El miércoles al atardecer, una pálida pero serena Karen Grant volvía a Nueva York con Anne Webster.
—Estaré mejor allí —dijo—. No soportaría estar sola en la casa.
Anne se ofreció para quedarse a pasar la noche con ella, pero Karen rehusó su propuesta.
—Tú te encuentras más agotada que yo todavía. Me tomaré una pastilla y me iré a la cama.
Tuvo un sueño largo y profundo. Se despertó el jueves por la mañana, a las once casi. Las tres plantas superiores del hotel eran apartamentos para residentes. Hacía tres años que disponía del suyo y le había ido añadiendo su toque personal: alfombras orientales en tonos rojizos, marfil y azul que alegraban el blanco de la moqueta; lámparas antiguas y cojines de seda; figuras Lalique, cuadros originales de jóvenes promesas…
El resultado era un ambiente elegante, lujoso y original. A Karen le gustaban las comodidades de vivir en un hotel, sobre todo por el servicio de habitaciones. También le encantaba el ropero lleno de vestidos de alta costura, los zapatos «Charles Jourdan» y «Ferragamo», los pañuelos de «Hermès», los bolsos de «Gucci»… Era una sensación tan gratificante saber que las recepcionistas siempre esperaban a ver cómo iba vestida al salir del ascensor.
Se levantó y entró en el cuarto de baño. El albornoz que la envolvía desde el cuello hasta los pies estaba en la percha. Se lo puso, anudó el cinturón y se miró en el espejo. Aún tenía los ojos un poco hinchados. La visión de Allan sobre el mármol del depósito había sido espantosa. Como un relámpago pasaron por su mente los buenos momentos que habían vivido juntos, cómo ella se estremecía al oír sus pisadas en el vestíbulo. Las lágrimas habían sido sinceras, y habría más llanto cuando lo viera por última vez. Eso le recordó que debería ocuparse de todos los trámites. Pero ahora no, primero desayunaría.

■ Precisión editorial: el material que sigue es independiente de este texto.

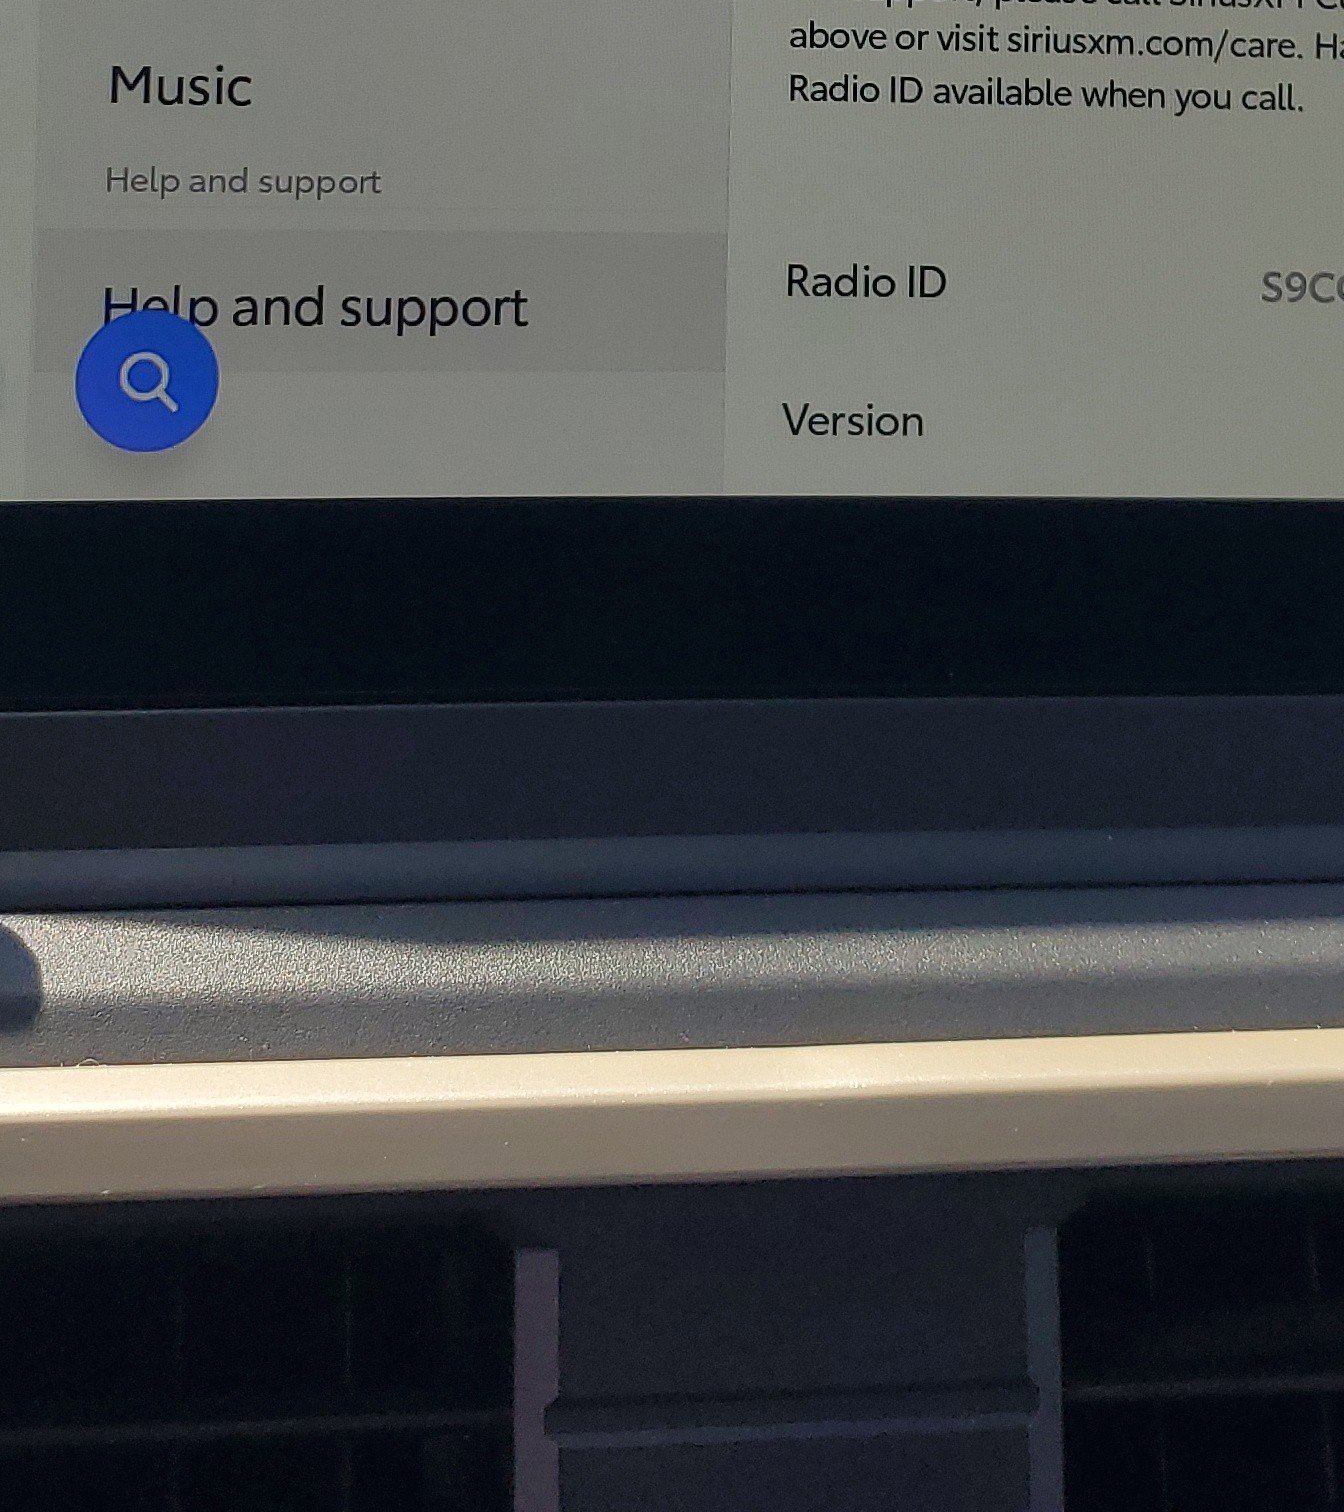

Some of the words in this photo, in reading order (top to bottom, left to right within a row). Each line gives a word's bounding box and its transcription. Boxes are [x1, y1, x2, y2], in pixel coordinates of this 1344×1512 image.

[789, 20, 888, 50] above
[894, 29, 930, 51] or
[936, 23, 1000, 53] visit
[1007, 24, 1303, 64] siriusxm.com/care.
[110, 64, 252, 107] Music
[789, 73, 881, 103] Radio
[889, 75, 924, 104] ID
[932, 76, 1073, 107] available
[1081, 79, 1166, 109] when
[1174, 88, 1232, 118] you
[1241, 82, 1304, 112] call.
[106, 165, 181, 200] Help
[188, 166, 249, 194] and
[258, 170, 382, 201] support
[787, 263, 897, 298] Radio
[908, 264, 947, 299] ID
[232, 284, 325, 327] and
[340, 289, 529, 337] support
[781, 402, 924, 437] Version

Marcó el 4, el número del servicio de habitaciones. Lilly tomaba los pedidos.
—Mrs. Grant, lo siento muchísimo —dijo—. Todos estamos muy afectados.
—Gracias. —Karen pidió lo de siempre: zumo natural, compota, café y un panecillo—. Ah, y envíeme todos los periódicos de la mañana.
Tomaba la primera taza de café cuando una discreta llamada sonó en la puerta. Corrió a abrir. Allí estaba Edwin, con sus hermosas facciones de patricio romano perturbadas por una expresión de inquietud.
—Cariño mío —murmuró él.
Sus brazos rodearon el cuerpo de Karen. Ella apoyó el rostro contra la suave chaqueta de cachemira que ella le había regalado por Navidad. Luego le acarició la nuca, cuidando de no despeinar el cabello rubio oscuro.